To get the latest release:
- Visit this page to download: Releases Page.
- Locate the latest version and download the appropriate file for your operating system.
- Follow the instructions in the download section of the release for specific installation steps.
Once you have downloaded and installed the application:
- Open a terminal or command prompt.
- Navigate to the directory where the application is installed.
- Run the following command to start the inference server:
docker-compose up - Once the server is running, follow the instructions in the terminal to access the application through your web browser.

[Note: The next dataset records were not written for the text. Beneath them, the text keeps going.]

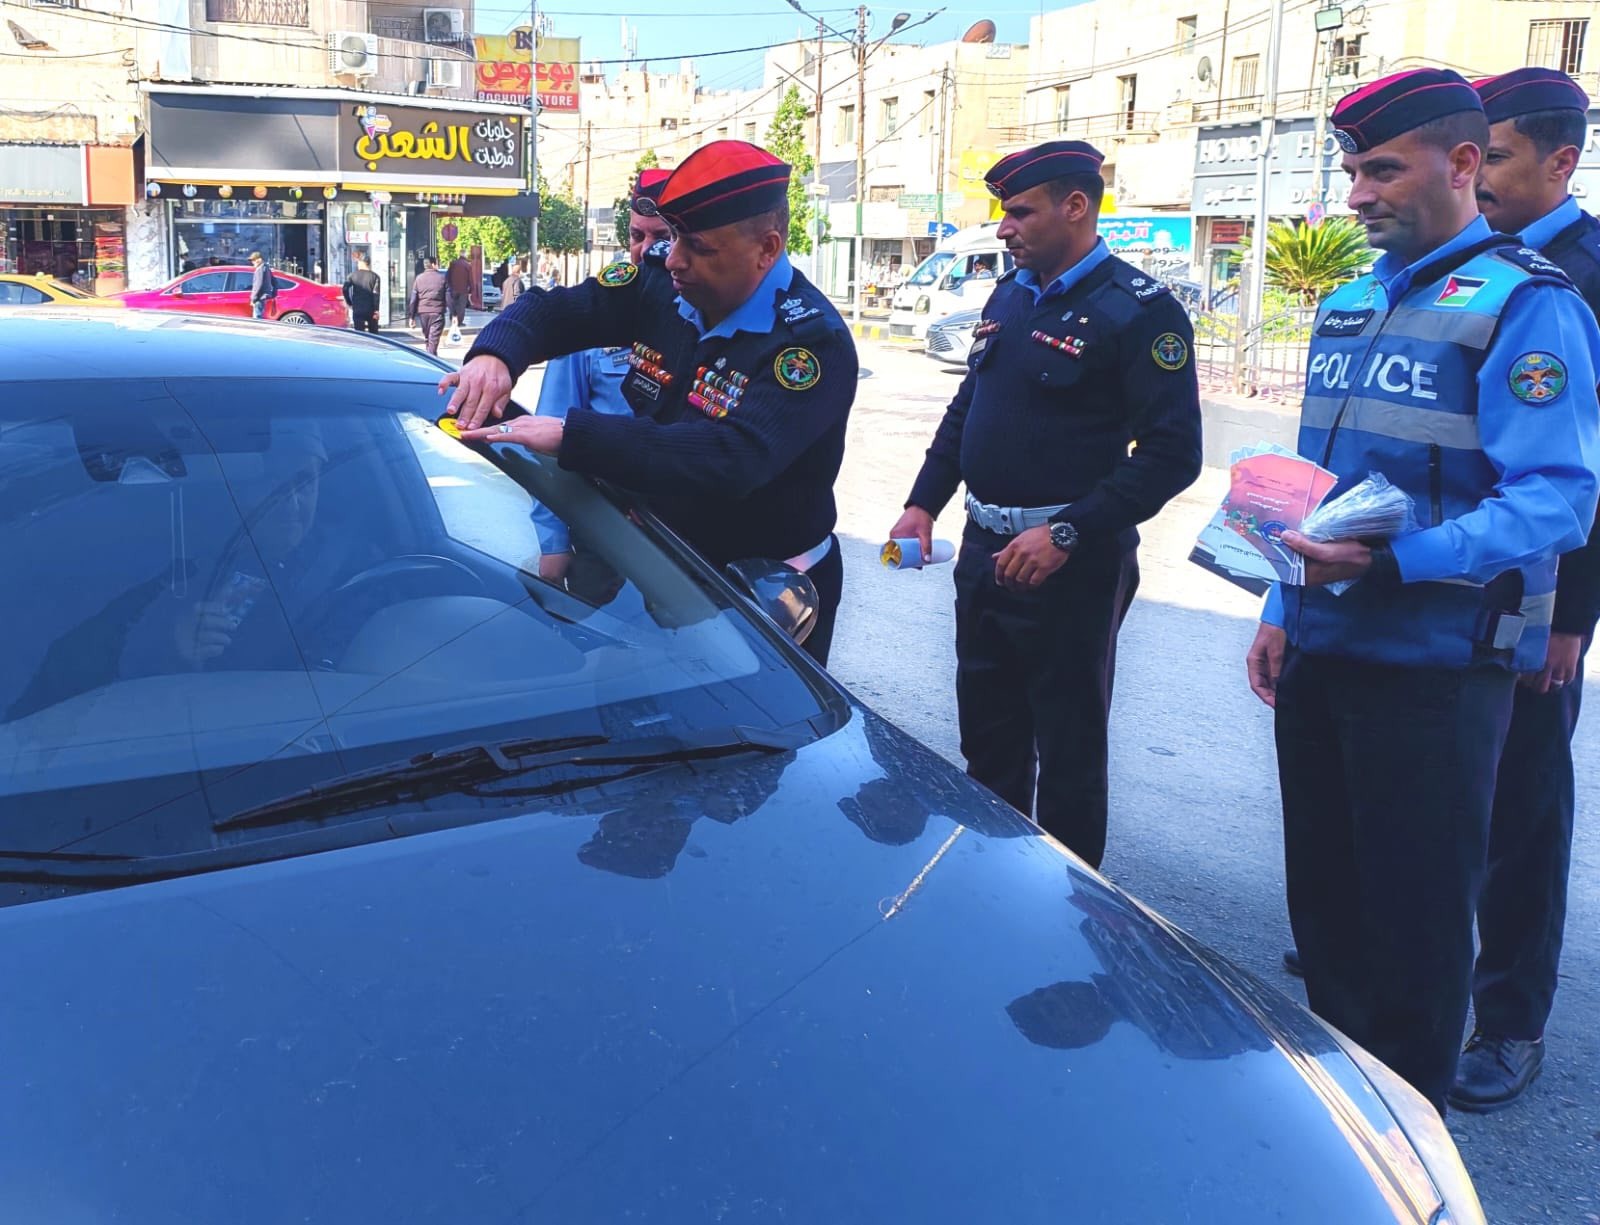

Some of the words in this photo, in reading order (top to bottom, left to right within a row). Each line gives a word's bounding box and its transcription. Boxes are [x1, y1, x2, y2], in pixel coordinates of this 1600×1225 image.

[537, 93, 573, 106] STORE
[476, 118, 515, 142] حلويات
[356, 121, 473, 171] الشعب
[475, 146, 514, 169] مرطبات
[507, 139, 515, 154] و
[1308, 353, 1438, 400] POLICE
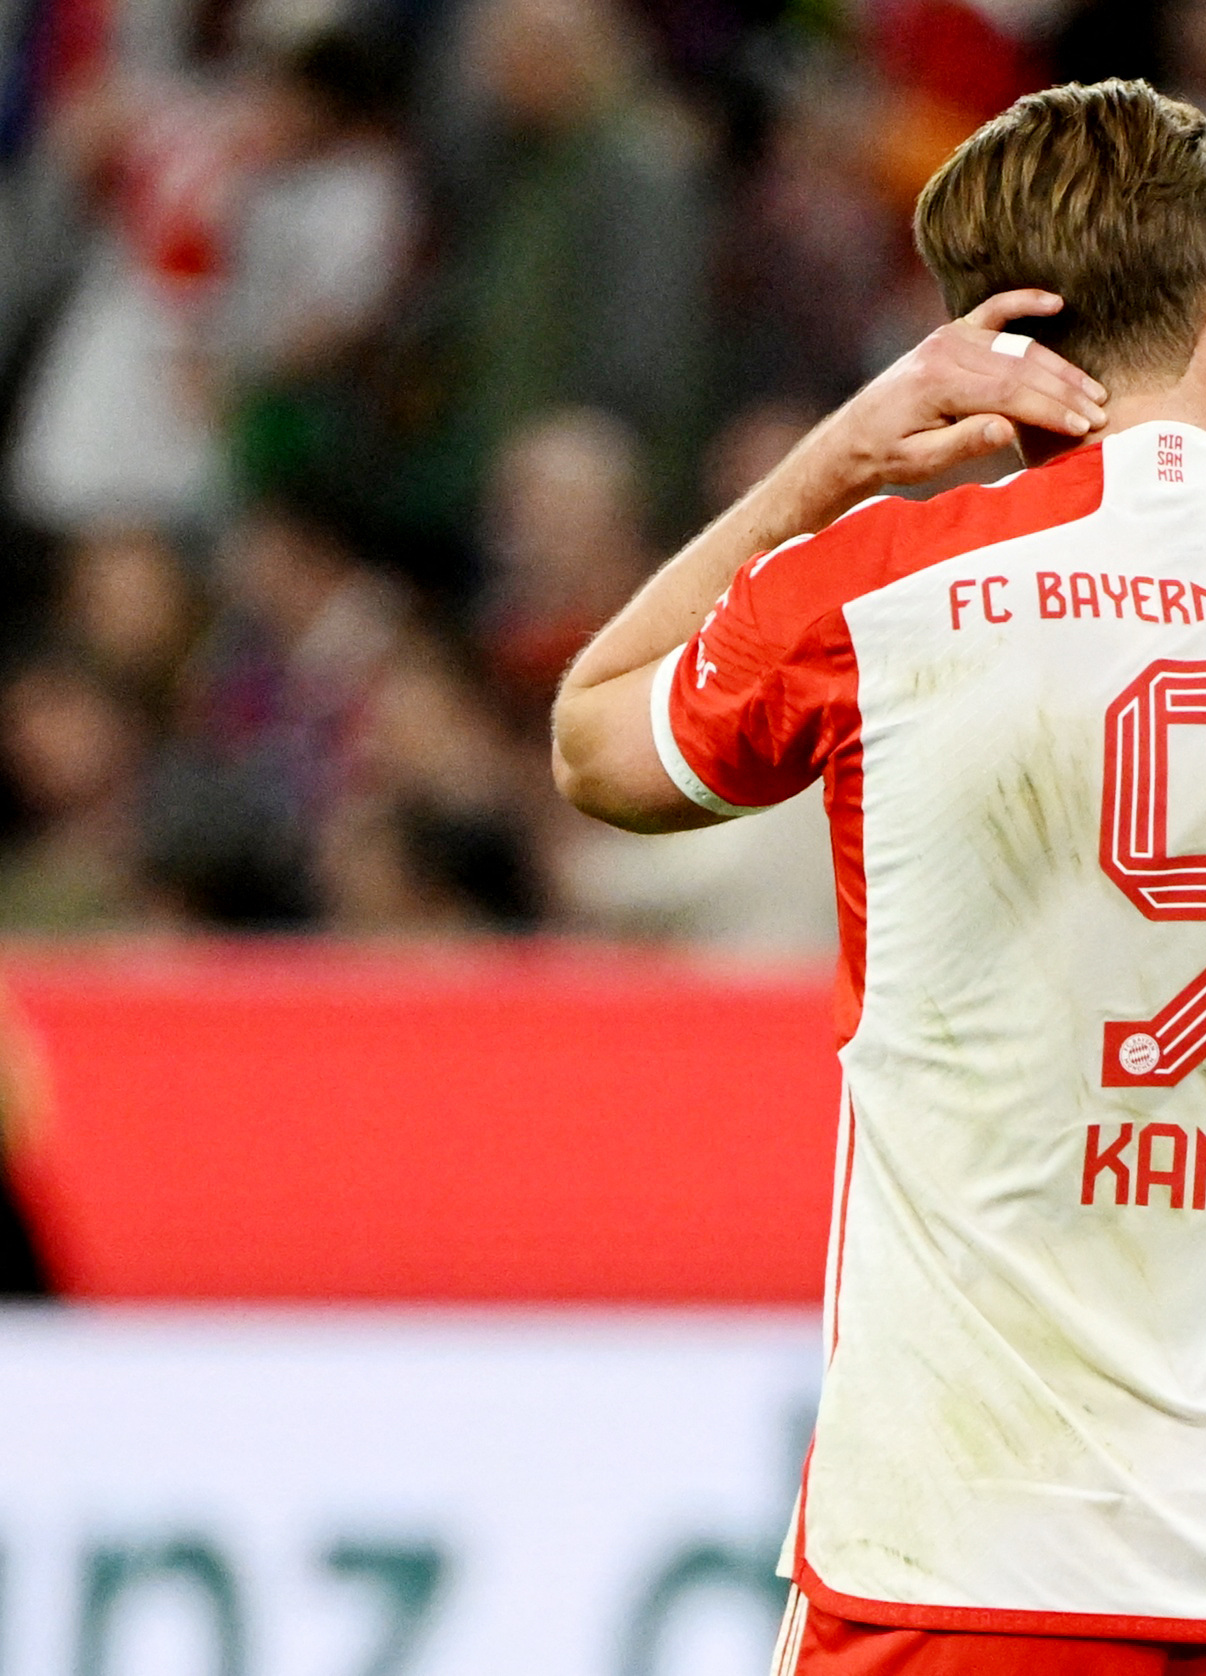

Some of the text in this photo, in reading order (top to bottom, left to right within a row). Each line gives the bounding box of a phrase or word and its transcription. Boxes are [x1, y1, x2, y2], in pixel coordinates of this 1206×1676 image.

[1158, 433, 1183, 450] MIA
[1157, 450, 1183, 467] SAN
[1157, 467, 1184, 483] MIA
[949, 575, 1012, 631] FC

If you encounter any issues:
- Check System Requirements: Ensure all requirements are met.
- Review Docker Logs: If the application does not start, check the Docker logs for any error messages.

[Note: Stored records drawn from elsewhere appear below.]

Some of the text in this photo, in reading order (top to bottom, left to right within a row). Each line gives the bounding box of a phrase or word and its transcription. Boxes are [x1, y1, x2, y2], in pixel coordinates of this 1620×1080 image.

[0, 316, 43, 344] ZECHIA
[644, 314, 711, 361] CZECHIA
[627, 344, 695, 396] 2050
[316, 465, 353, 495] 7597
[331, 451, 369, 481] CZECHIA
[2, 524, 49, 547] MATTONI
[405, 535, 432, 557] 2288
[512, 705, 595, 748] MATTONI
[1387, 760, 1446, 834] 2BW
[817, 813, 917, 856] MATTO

- Google the Error Message: Often, solutions are available online for common issues.
- Seek Help in the Community: Visit related forums or GitHub discussions for support.
For detailed documentation on how to use the application, you can refer to the Wiki section in the repository. This includes information on advanced features, tuning parameters, and FAQs.
We welcome contributions from the community. If you want to contribute, please follow our guidelines in the repository. Check the issues section for any enhancement requests or bugs that need fixing.
If you have further questions, you can open an issue in the GitHub repository. The community is active and ready to assist you.
- CUDA: A parallel computing platform and programming model.
- Generative AI: Using models to generate new content.
- MLOps: Integration of machine learning into operations for deployment.
This README.md file provides all the information you need to successfully download and run the dgx-spark-inference-stack application on your computer. Enjoy your journey into AI model serving!